(Data)

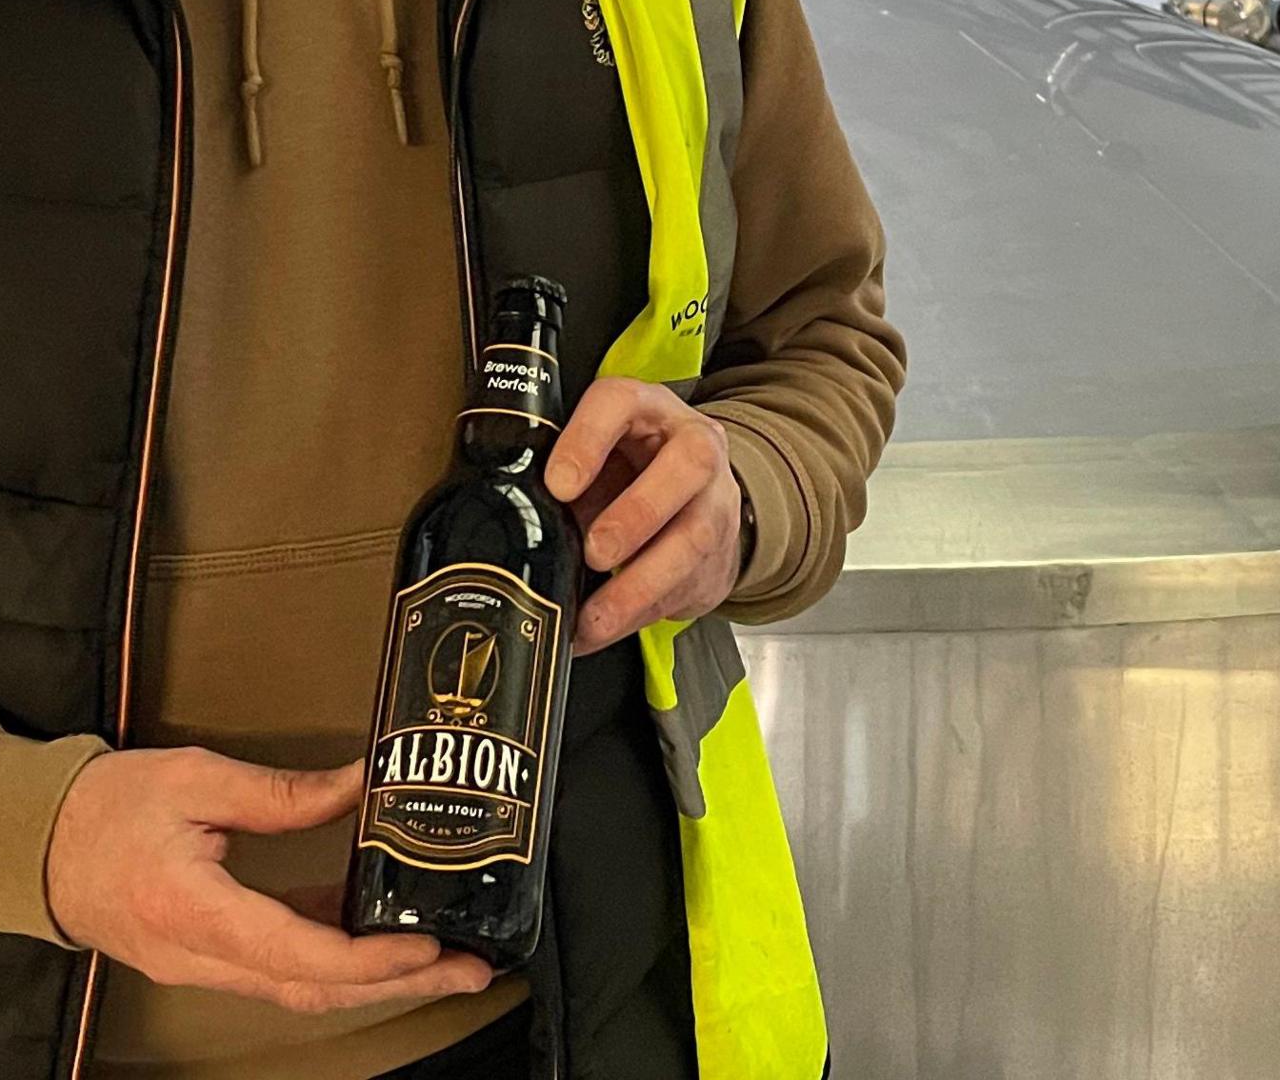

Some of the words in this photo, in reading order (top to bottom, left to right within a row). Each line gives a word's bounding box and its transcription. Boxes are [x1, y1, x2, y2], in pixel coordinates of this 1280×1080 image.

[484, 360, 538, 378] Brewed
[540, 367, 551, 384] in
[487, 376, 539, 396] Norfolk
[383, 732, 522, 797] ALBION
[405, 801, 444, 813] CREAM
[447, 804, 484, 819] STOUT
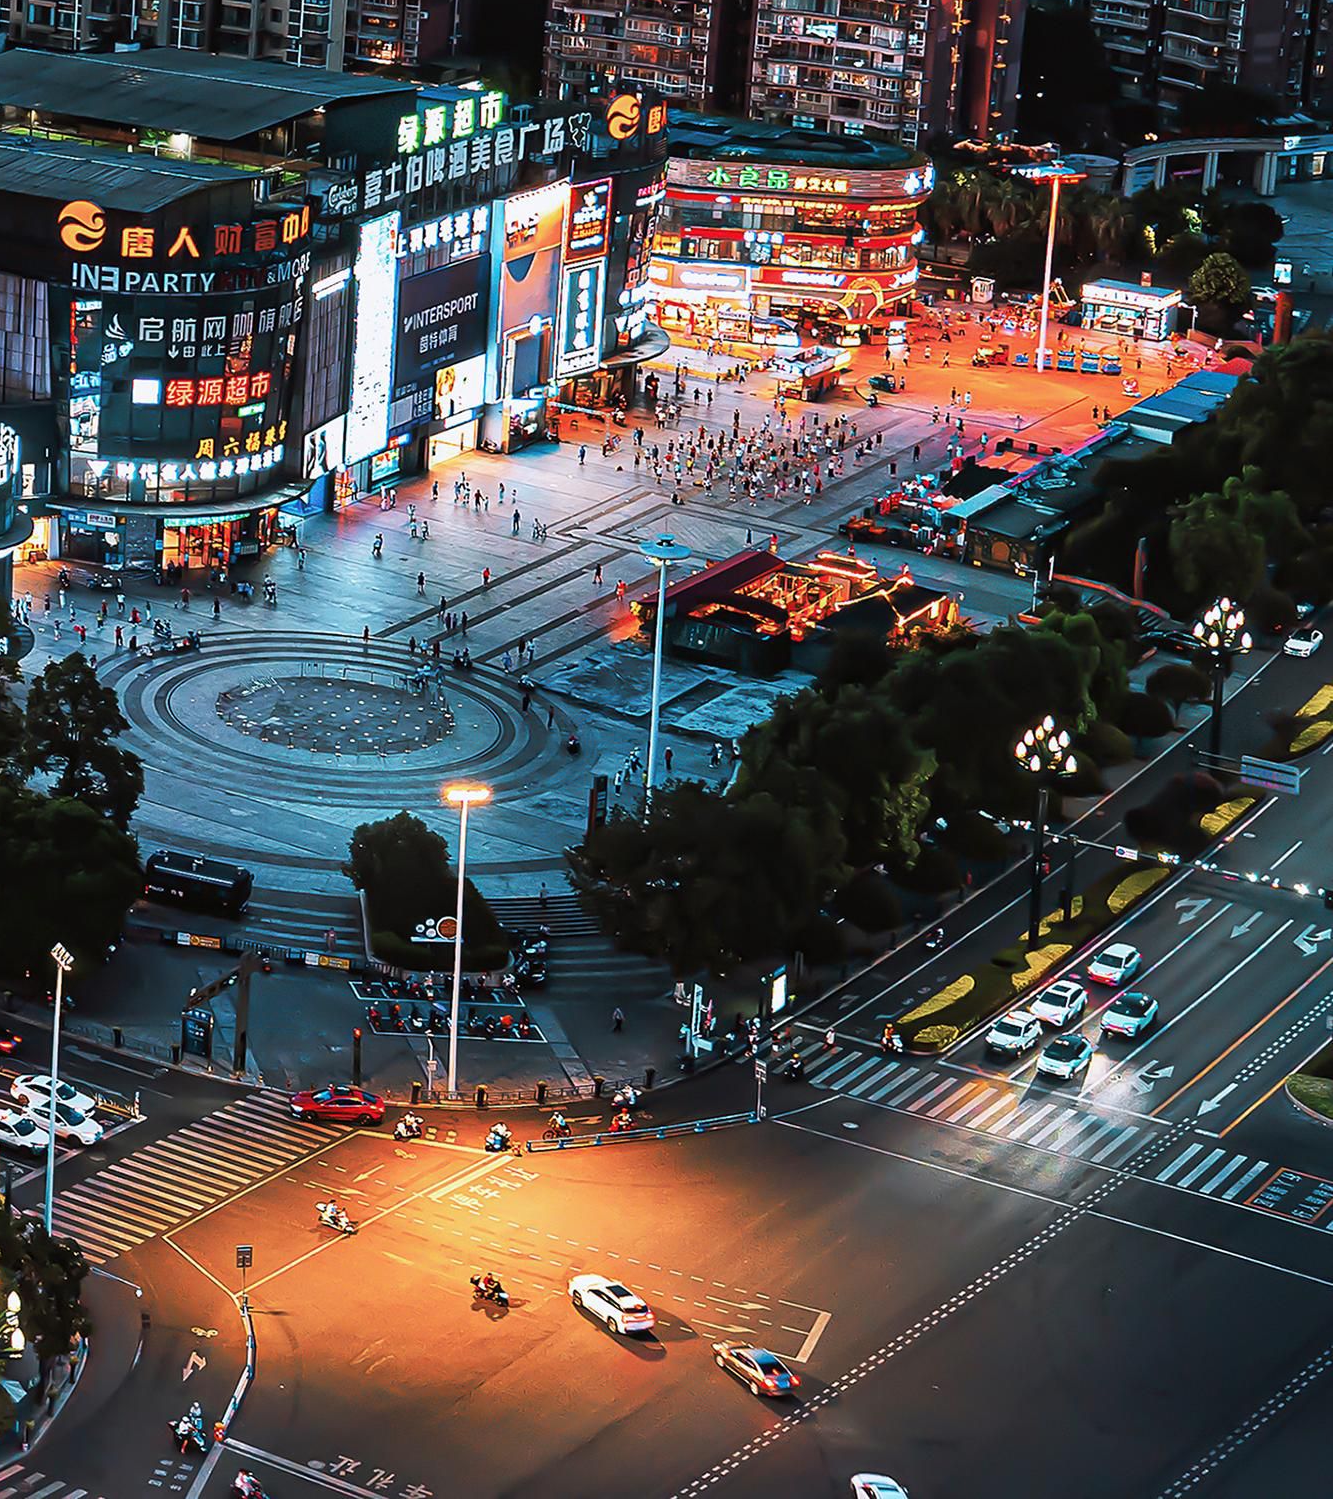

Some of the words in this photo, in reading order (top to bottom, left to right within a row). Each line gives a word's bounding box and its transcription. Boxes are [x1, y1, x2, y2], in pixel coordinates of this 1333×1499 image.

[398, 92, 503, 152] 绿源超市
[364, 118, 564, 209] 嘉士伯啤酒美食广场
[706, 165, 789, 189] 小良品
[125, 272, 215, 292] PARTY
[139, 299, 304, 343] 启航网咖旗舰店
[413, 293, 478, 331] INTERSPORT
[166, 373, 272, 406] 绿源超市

(End Data)

● **What you need to do**
Reproduce all of the entries exactly as they appear, though any picture they include must be omitted.

● **Answer**
Some of the words in this photo, in reading order (top to bottom, left to right within a row). Each line gives a word's bounding box and its transcription. Boxes are [x1, y1, x2, y2], in pixel coordinates of this 1280×1080 image.

[484, 360, 538, 378] Brewed
[540, 367, 551, 384] in
[487, 376, 539, 396] Norfolk
[383, 732, 522, 797] ALBION
[405, 801, 444, 813] CREAM
[447, 804, 484, 819] STOUT

Some of the words in this photo, in reading order (top to bottom, left to right within a row). Each line gives a word's bounding box and its transcription. Boxes are [x1, y1, x2, y2], in pixel coordinates of this 1333×1499 image.

[398, 92, 503, 152] 绿源超市
[364, 118, 564, 209] 嘉士伯啤酒美食广场
[706, 165, 789, 189] 小良品
[125, 272, 215, 292] PARTY
[139, 299, 304, 343] 启航网咖旗舰店
[413, 293, 478, 331] INTERSPORT
[166, 373, 272, 406] 绿源超市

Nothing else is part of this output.